▸ **Activity**
Every record gets copied exactly, and no picture goes with it.

☆ ☆ ☆ ☆

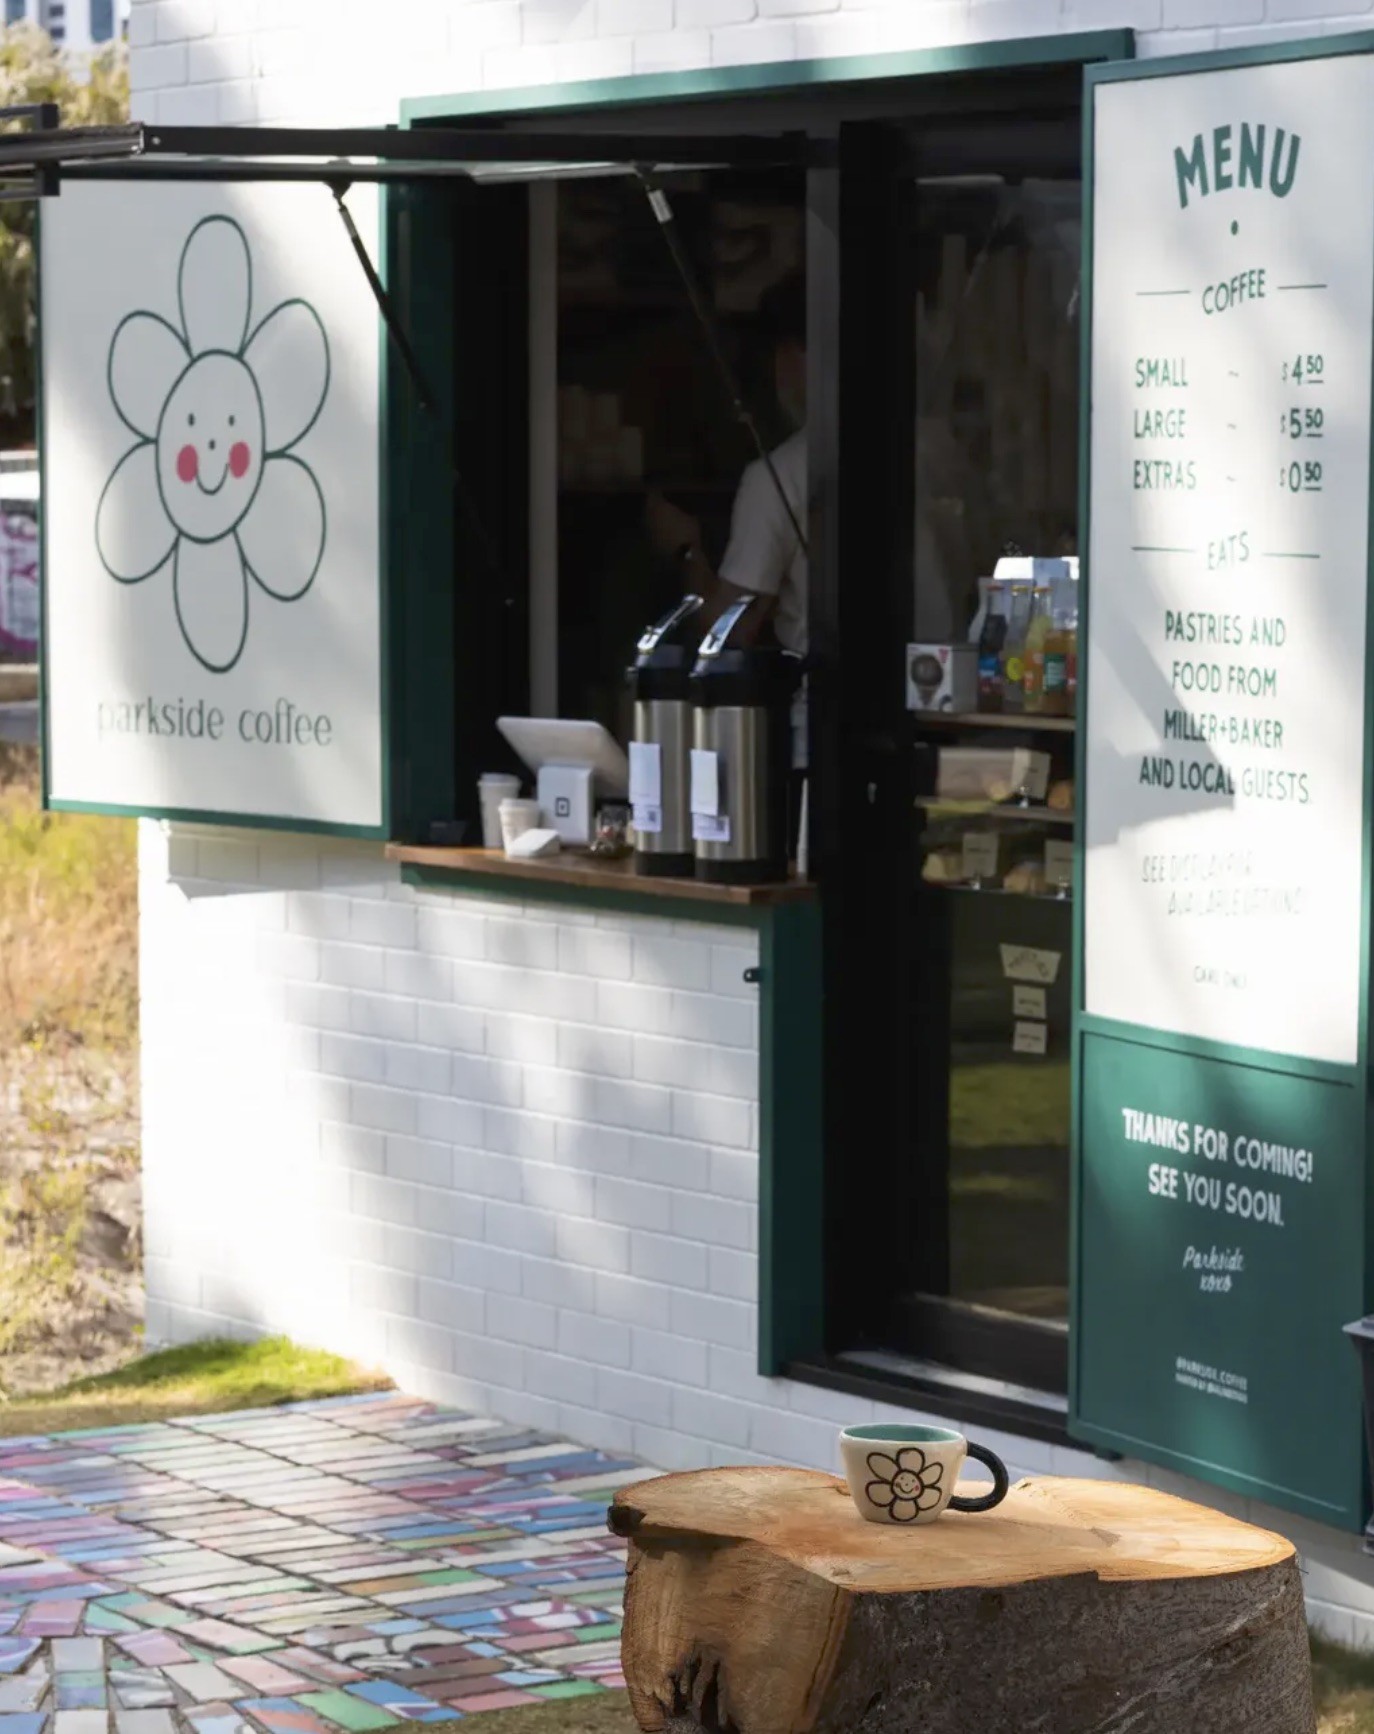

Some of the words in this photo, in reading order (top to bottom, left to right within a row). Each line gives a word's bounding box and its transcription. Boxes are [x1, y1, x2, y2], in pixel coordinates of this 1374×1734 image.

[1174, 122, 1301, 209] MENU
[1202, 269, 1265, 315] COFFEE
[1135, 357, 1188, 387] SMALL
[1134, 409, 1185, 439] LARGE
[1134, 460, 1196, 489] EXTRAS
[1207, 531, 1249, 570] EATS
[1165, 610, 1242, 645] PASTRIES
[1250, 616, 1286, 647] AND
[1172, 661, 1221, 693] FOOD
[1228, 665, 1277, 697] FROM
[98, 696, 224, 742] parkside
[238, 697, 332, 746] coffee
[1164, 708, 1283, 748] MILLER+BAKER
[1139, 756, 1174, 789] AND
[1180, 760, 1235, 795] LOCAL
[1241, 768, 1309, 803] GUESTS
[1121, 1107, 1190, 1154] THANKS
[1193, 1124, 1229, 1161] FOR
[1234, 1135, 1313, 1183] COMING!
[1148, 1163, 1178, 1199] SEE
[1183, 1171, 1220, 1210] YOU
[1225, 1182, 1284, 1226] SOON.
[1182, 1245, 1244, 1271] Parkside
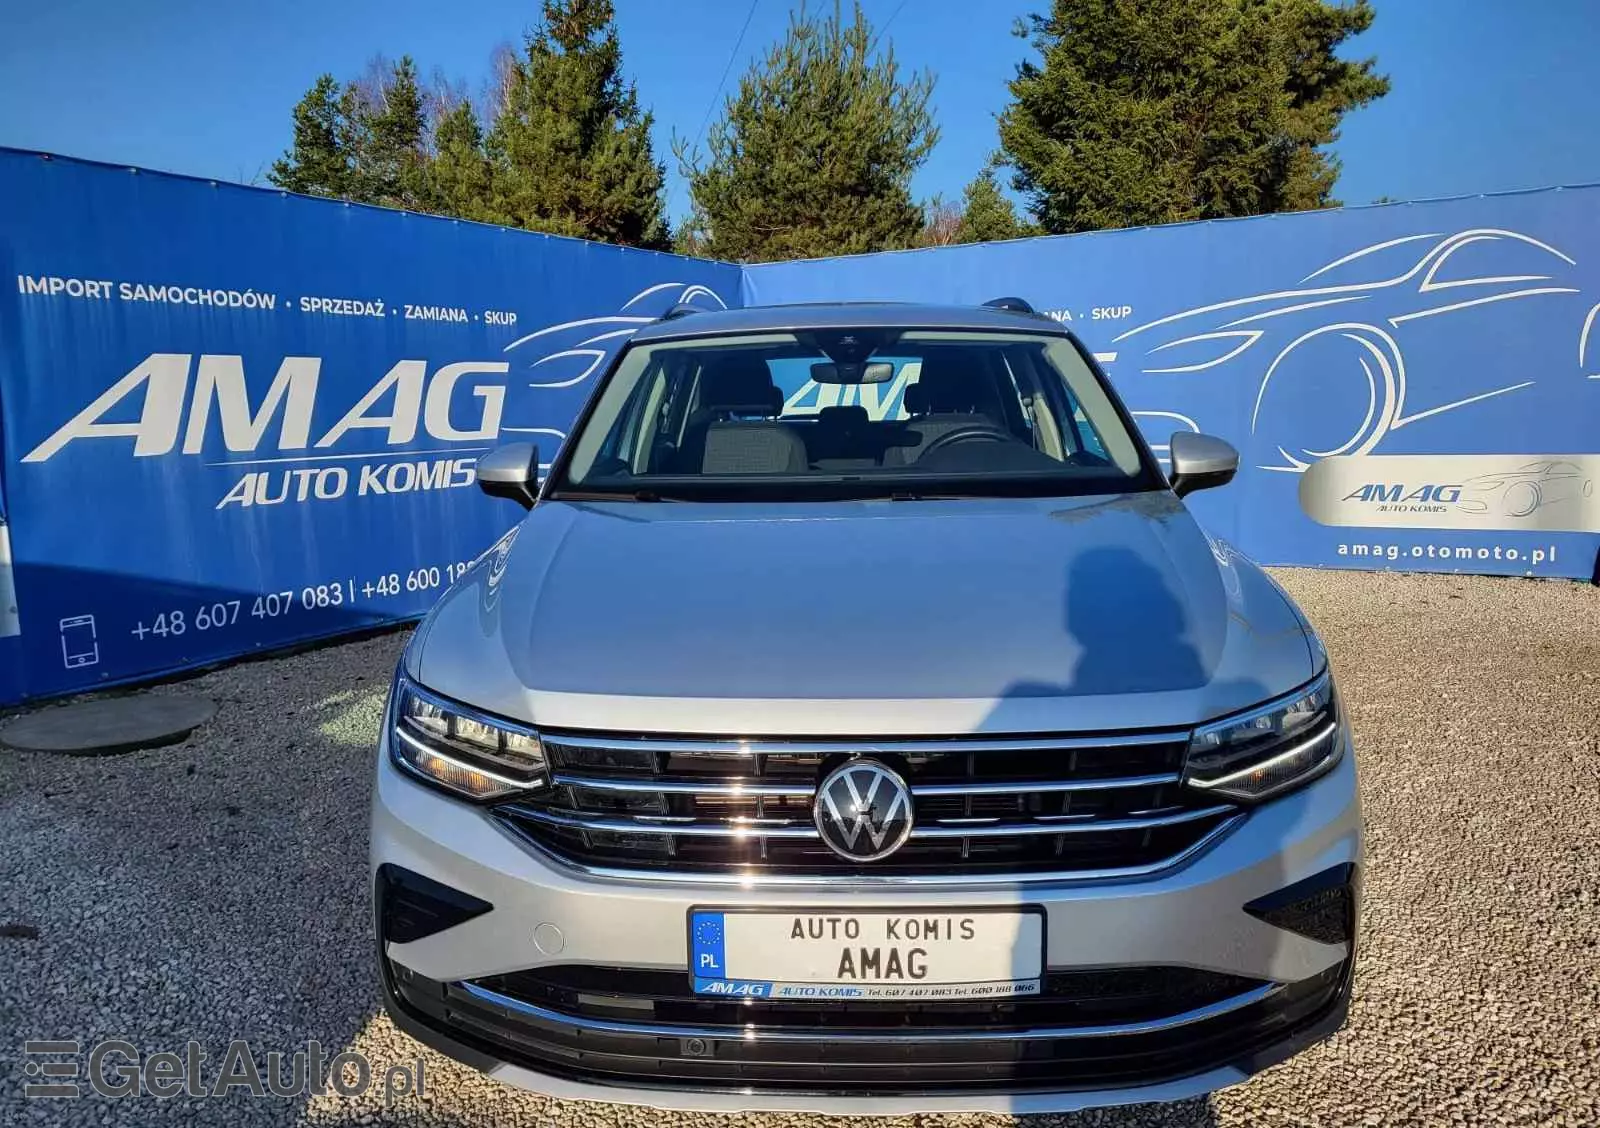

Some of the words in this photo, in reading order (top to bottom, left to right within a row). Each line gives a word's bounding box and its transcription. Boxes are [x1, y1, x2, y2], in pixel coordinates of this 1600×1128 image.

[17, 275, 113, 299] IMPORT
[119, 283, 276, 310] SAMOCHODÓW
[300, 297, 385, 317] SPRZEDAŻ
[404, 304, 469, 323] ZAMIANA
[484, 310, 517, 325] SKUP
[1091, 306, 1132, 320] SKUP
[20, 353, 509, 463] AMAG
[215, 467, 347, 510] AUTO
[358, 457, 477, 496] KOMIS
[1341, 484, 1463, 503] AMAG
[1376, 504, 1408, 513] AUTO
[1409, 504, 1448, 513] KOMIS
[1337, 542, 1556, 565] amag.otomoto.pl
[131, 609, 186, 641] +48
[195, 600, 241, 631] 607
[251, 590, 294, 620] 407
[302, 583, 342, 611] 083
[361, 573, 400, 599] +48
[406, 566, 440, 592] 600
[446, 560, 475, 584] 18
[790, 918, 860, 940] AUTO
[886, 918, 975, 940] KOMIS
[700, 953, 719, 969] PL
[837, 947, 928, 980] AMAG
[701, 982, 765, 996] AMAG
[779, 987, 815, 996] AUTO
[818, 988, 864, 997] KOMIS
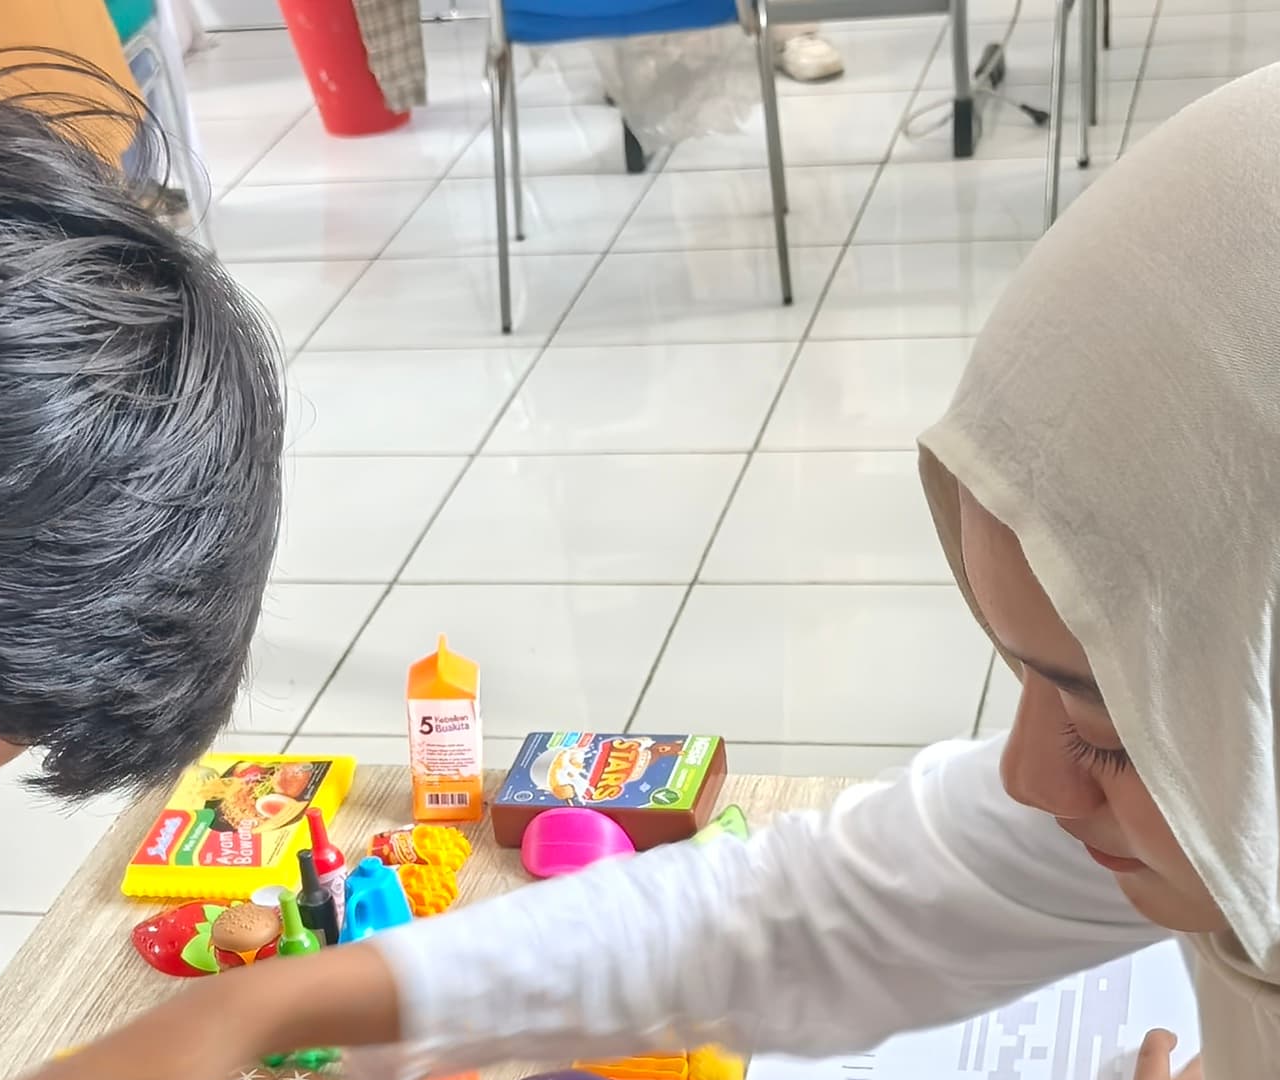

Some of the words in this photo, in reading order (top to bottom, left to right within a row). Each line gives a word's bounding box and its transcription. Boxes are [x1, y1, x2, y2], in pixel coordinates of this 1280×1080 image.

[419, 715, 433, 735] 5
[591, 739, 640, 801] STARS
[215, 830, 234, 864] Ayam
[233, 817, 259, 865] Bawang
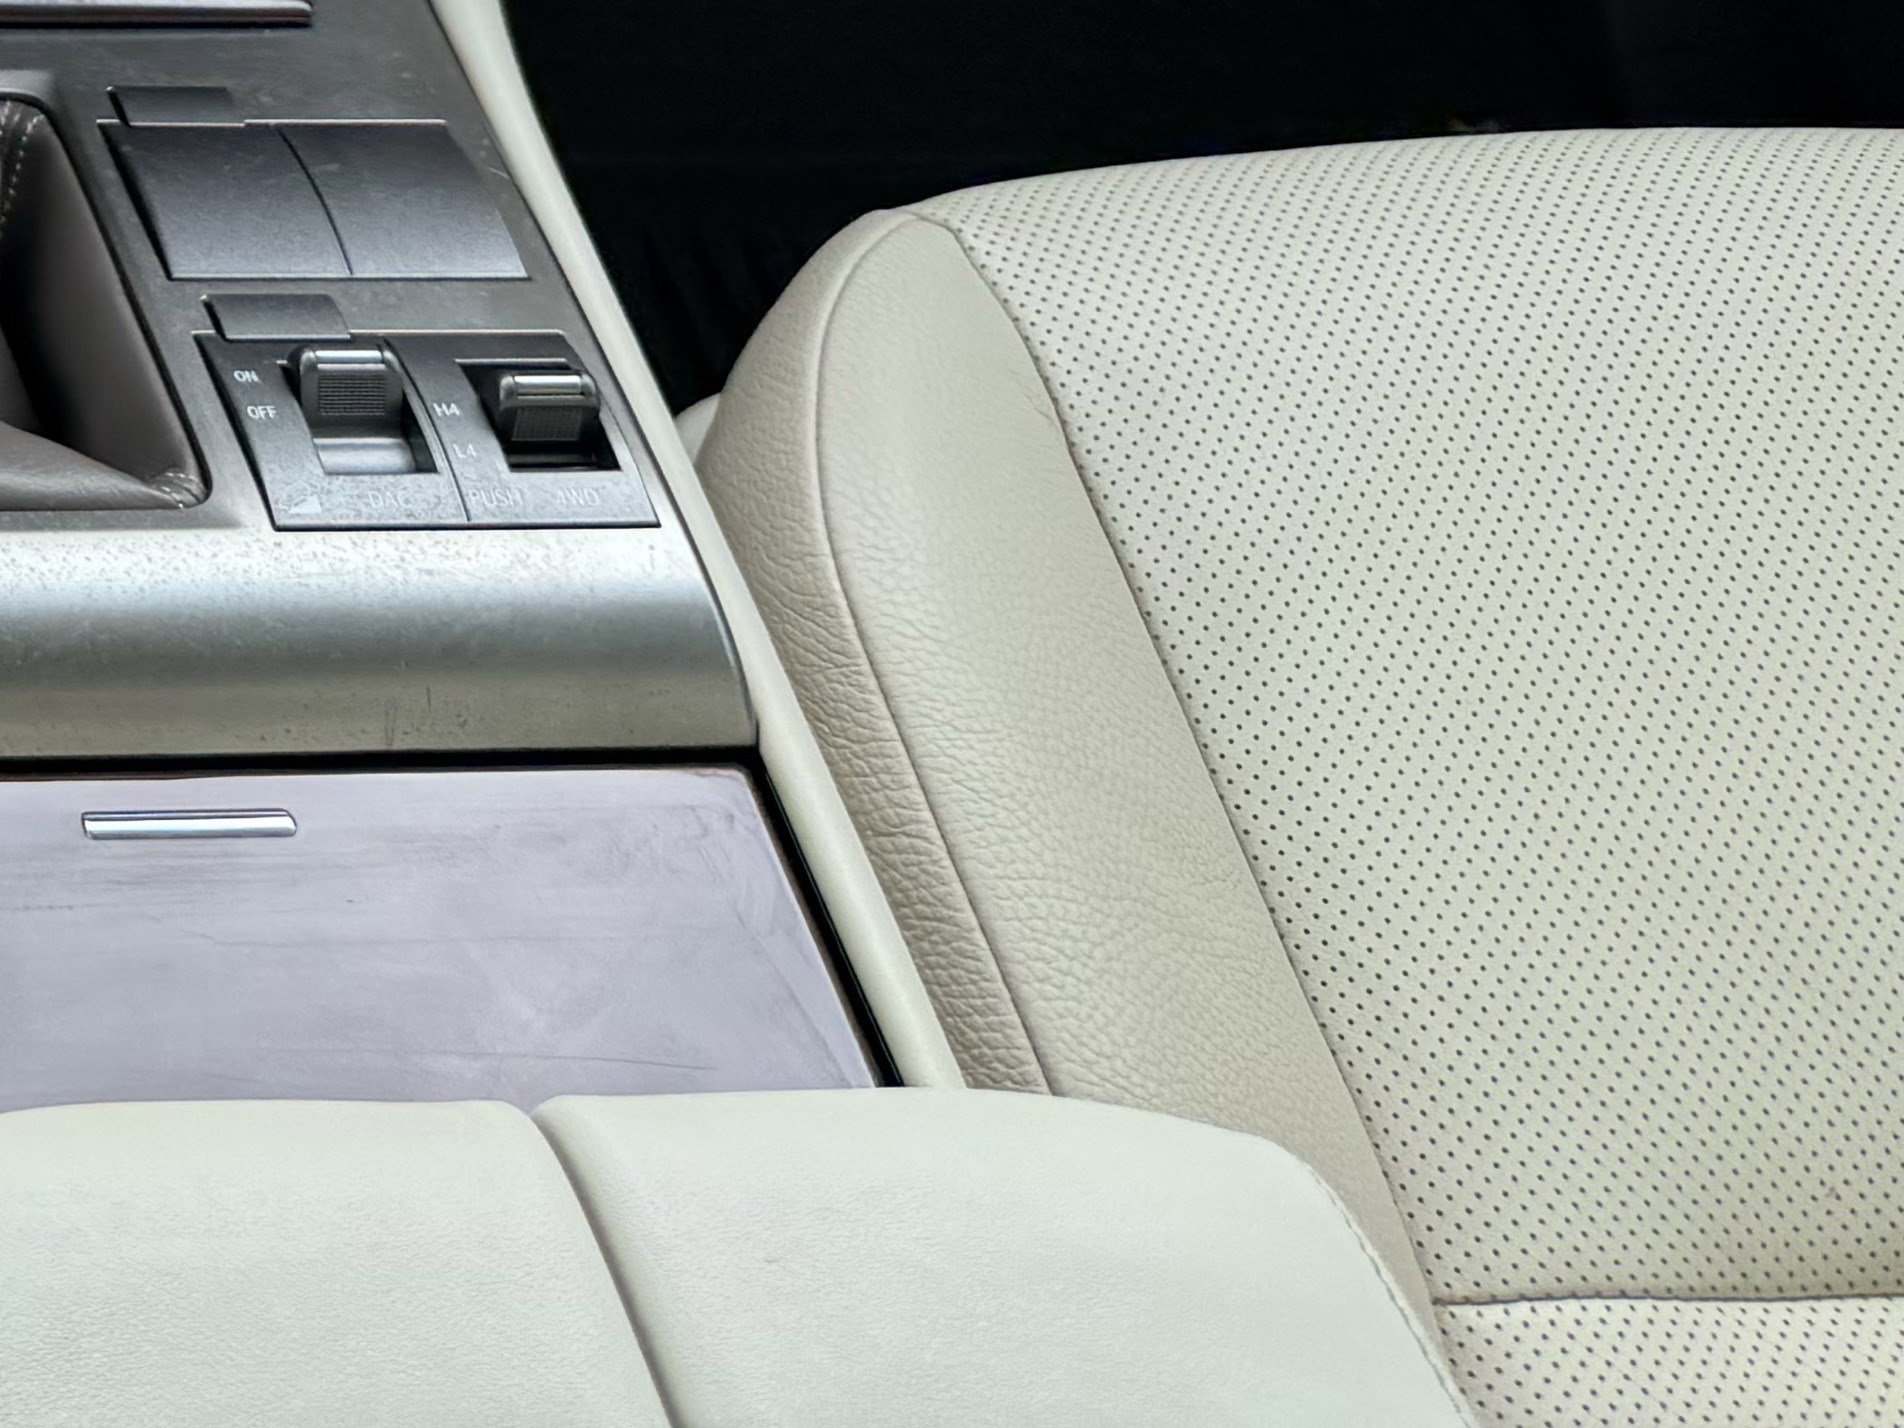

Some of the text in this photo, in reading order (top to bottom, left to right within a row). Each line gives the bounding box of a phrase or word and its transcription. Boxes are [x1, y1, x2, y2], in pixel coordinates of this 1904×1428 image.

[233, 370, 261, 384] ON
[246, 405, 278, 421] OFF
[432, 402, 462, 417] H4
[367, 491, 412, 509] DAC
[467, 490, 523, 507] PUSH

☆ ☆ ☆ ☆

▸ **Reply to the task**
Some of the words in this photo, in reading order (top to bottom, left to right within a row). Each line gives a word's bounding box and its transcription. Boxes are [x1, y1, x2, y2], in pixel coordinates of this 1374×1734 image.

[1174, 122, 1301, 209] MENU
[1202, 269, 1265, 315] COFFEE
[1135, 357, 1188, 387] SMALL
[1134, 409, 1185, 439] LARGE
[1134, 460, 1196, 489] EXTRAS
[1207, 531, 1249, 570] EATS
[1165, 610, 1242, 645] PASTRIES
[1250, 616, 1286, 647] AND
[1172, 661, 1221, 693] FOOD
[1228, 665, 1277, 697] FROM
[98, 696, 224, 742] parkside
[238, 697, 332, 746] coffee
[1164, 708, 1283, 748] MILLER+BAKER
[1139, 756, 1174, 789] AND
[1180, 760, 1235, 795] LOCAL
[1241, 768, 1309, 803] GUESTS
[1121, 1107, 1190, 1154] THANKS
[1193, 1124, 1229, 1161] FOR
[1234, 1135, 1313, 1183] COMING!
[1148, 1163, 1178, 1199] SEE
[1183, 1171, 1220, 1210] YOU
[1225, 1182, 1284, 1226] SOON.
[1182, 1245, 1244, 1271] Parkside

Some of the words in this photo, in reading order (top to bottom, left to right within a row). Each line gives a word's bounding box and its transcription. Boxes are [x1, y1, x2, y2], in pixel coordinates of this 1600×1128 image.

[17, 275, 113, 299] IMPORT
[119, 283, 276, 310] SAMOCHODÓW
[300, 297, 385, 317] SPRZEDAŻ
[404, 304, 469, 323] ZAMIANA
[484, 310, 517, 325] SKUP
[1091, 306, 1132, 320] SKUP
[20, 353, 509, 463] AMAG
[215, 467, 347, 510] AUTO
[358, 457, 477, 496] KOMIS
[1341, 484, 1463, 503] AMAG
[1376, 504, 1408, 513] AUTO
[1409, 504, 1448, 513] KOMIS
[1337, 542, 1556, 565] amag.otomoto.pl
[131, 609, 186, 641] +48
[195, 600, 241, 631] 607
[251, 590, 294, 620] 407
[302, 583, 342, 611] 083
[361, 573, 400, 599] +48
[406, 566, 440, 592] 600
[446, 560, 475, 584] 18
[790, 918, 860, 940] AUTO
[886, 918, 975, 940] KOMIS
[700, 953, 719, 969] PL
[837, 947, 928, 980] AMAG
[701, 982, 765, 996] AMAG
[779, 987, 815, 996] AUTO
[818, 988, 864, 997] KOMIS

Some of the words in this photo, in reading order (top to bottom, left to right within a row). Each line gives a word's bounding box and its transcription. Boxes are [x1, y1, x2, y2], in pixel coordinates of this 1280×1080 image.

[419, 715, 433, 735] 5
[591, 739, 640, 801] STARS
[215, 830, 234, 864] Ayam
[233, 817, 259, 865] Bawang

Some of the text in this photo, in reading order (top to bottom, left to right within a row). Each line gives the bounding box of a phrase or word and its transcription. Boxes are [x1, y1, x2, y2], in pixel coordinates of this 1904×1428 image.

[233, 370, 261, 384] ON
[246, 405, 278, 421] OFF
[432, 402, 462, 417] H4
[367, 491, 412, 509] DAC
[467, 490, 523, 507] PUSH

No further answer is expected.